Third, we must build on the existing social grant infrastructure and modernise it into a universal basic income grant system. Indeed, the government decision, widely supported, to channel money to households via the existing social grant system confirms an important point: social grants remain the best way to reach the poorest households.
However, countries are also looking at designing their social grant systems in intelligent and forward-looking ways. Finland, for example, is experimenting with Universal Basic Income (UBI), where citizens get a monthly stipend, not because they are poor but because they are Finnish. Their argument is this: as the world of work changes, more people will have non-full time jobs. The UBI just gives people a means to cope when their incomes are unstable. The tax system is adjusted to ‘claw back’ the UBI grant from people that are making a lot of money. And so it becomes a progressive tax that is relatively easy to administer.
In South Africa, we have a substantial social grant system (costing 4% of GDP) but with severe limitations. It goes to pensioners and children, but not to working-age people. Further, it requires expensive and inefficient means-testing supposedly to screen out the ‘undeserving poor’ but ends up forcing people to choose between a guaranteed small grant or looking for paid work.
This is an illogical approach since we want people to look for jobs; the grant should simply be a means to ensure they can pay for food, clothes and transport (to search for that job). Hence it must be possible to both get a small grant and remain active in the job market. We can do this through spreading the existing social grant budget of R200-billion across a wider population, while fixing the overall grant budget as a percentage of GDP. And, yes, it will need a national agreement to make sure the poor are better off in net terms.
Fourth, the state needs to get into a fit condition to play its developmental role. It has been refreshing to see how Ramaphosa was able to move with speed in responding to Covid-19. However, part of the reason for the speed is that ability to cut through red tape and bureaucracy through the use of disaster management regulations. The emergency legislation allowed him to speed up normal government processes tenfold.
Imagine how much more effective South Africa would have been if we treated the ‘usual’ massive unemployment crisis in this manner, as a national emergency? Perhaps the difference is that Covid-19 threatens the rich and middle classes?
The lesson is that with both the political will and less red tape, it is possible for the state to undertake brisk and substantial measures to fast-track economic reform and employment promotion.

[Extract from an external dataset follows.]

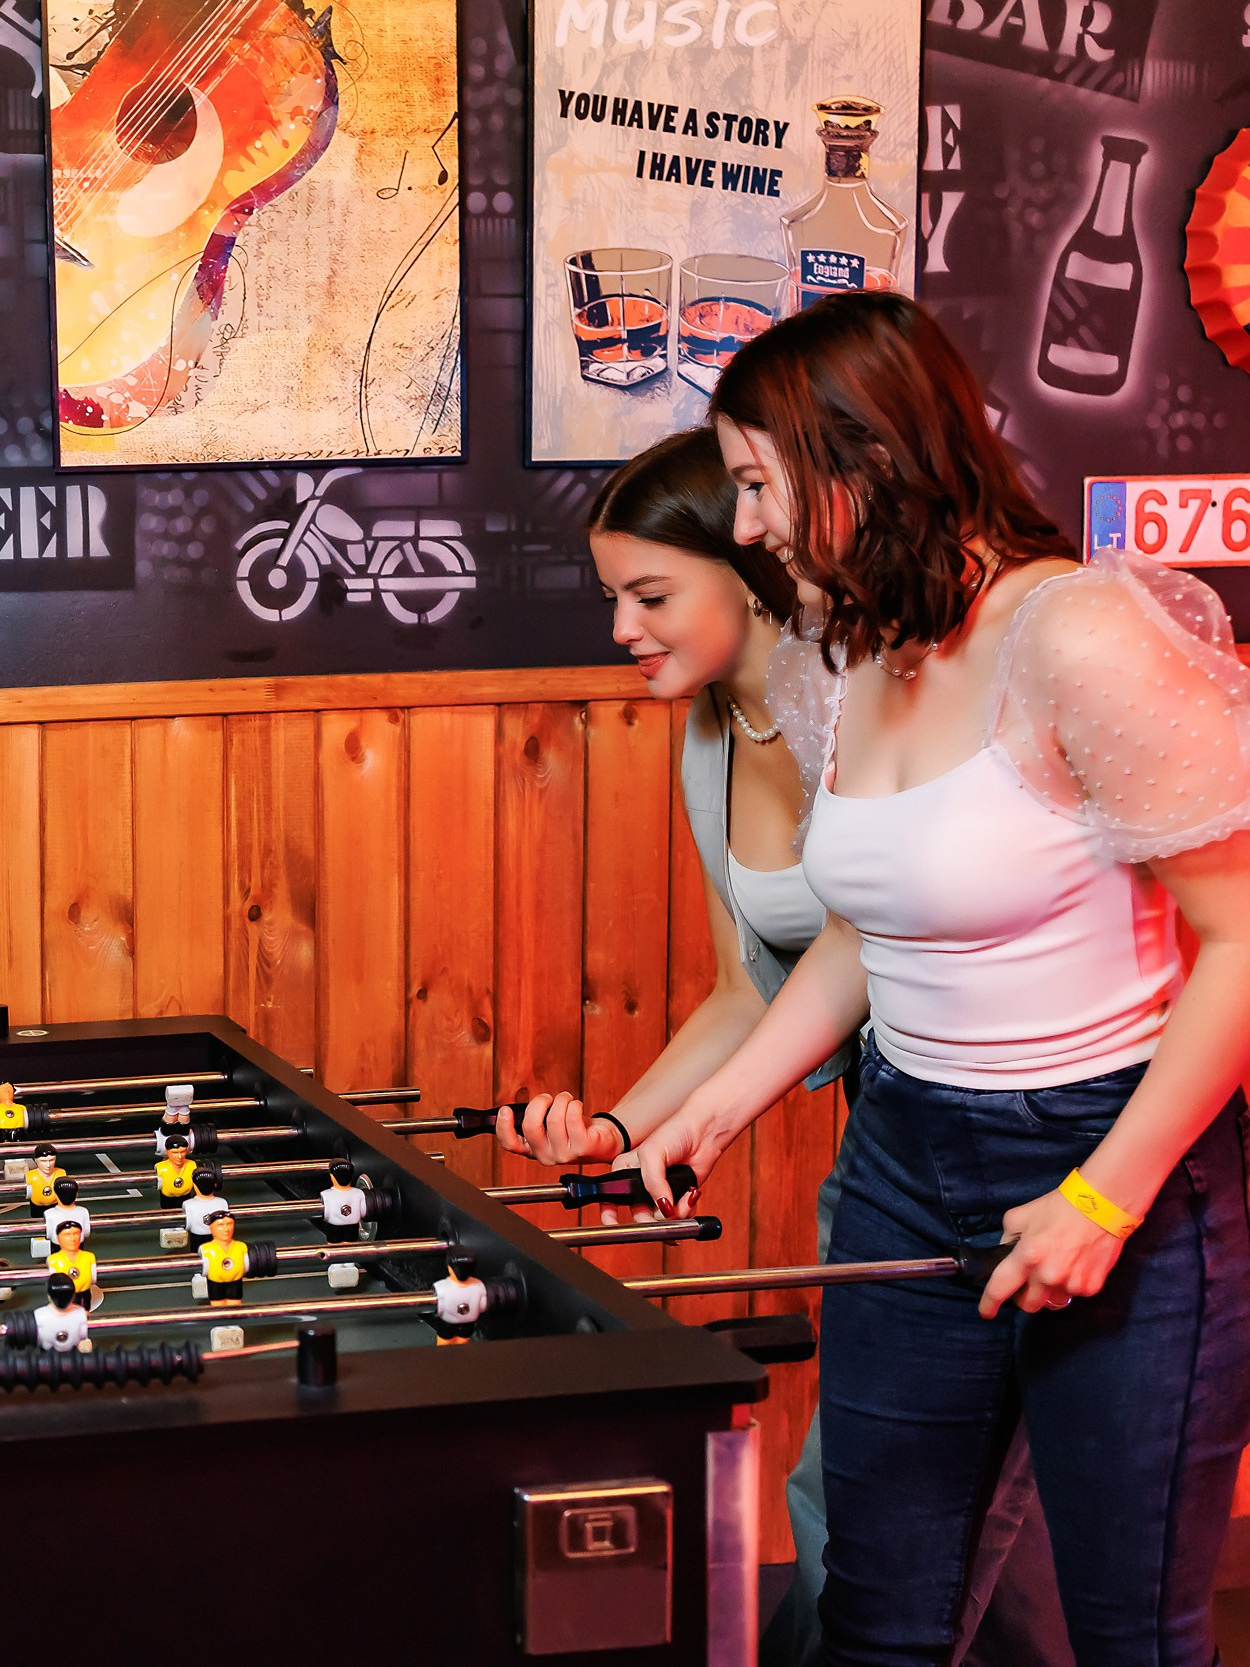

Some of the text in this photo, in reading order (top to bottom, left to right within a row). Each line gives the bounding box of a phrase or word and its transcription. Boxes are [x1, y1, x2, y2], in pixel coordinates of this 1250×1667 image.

[558, 89, 790, 149] YOU HAVE A STORY
[636, 149, 783, 197] I HAVE WINE
[1094, 532, 1122, 550] LT

Clearly the state also needs to free up resources to address long-term vulnerabilities and economic reforms. If the political will had been there, say in 2006, this would have been a much easier discussion. Now heavily indebted and with poor credit ratings, the state will have to substantially downsize its cost structure. No doubt any funds freed up will have to go towards debt repayment (including for payment of the Covid-19 emergency bill). However, if the cuts are strategic enough to remove a lot of the waste and duplication, the state could carve out enough funding to kickstart its own contribution to a meaningful economic reform programme.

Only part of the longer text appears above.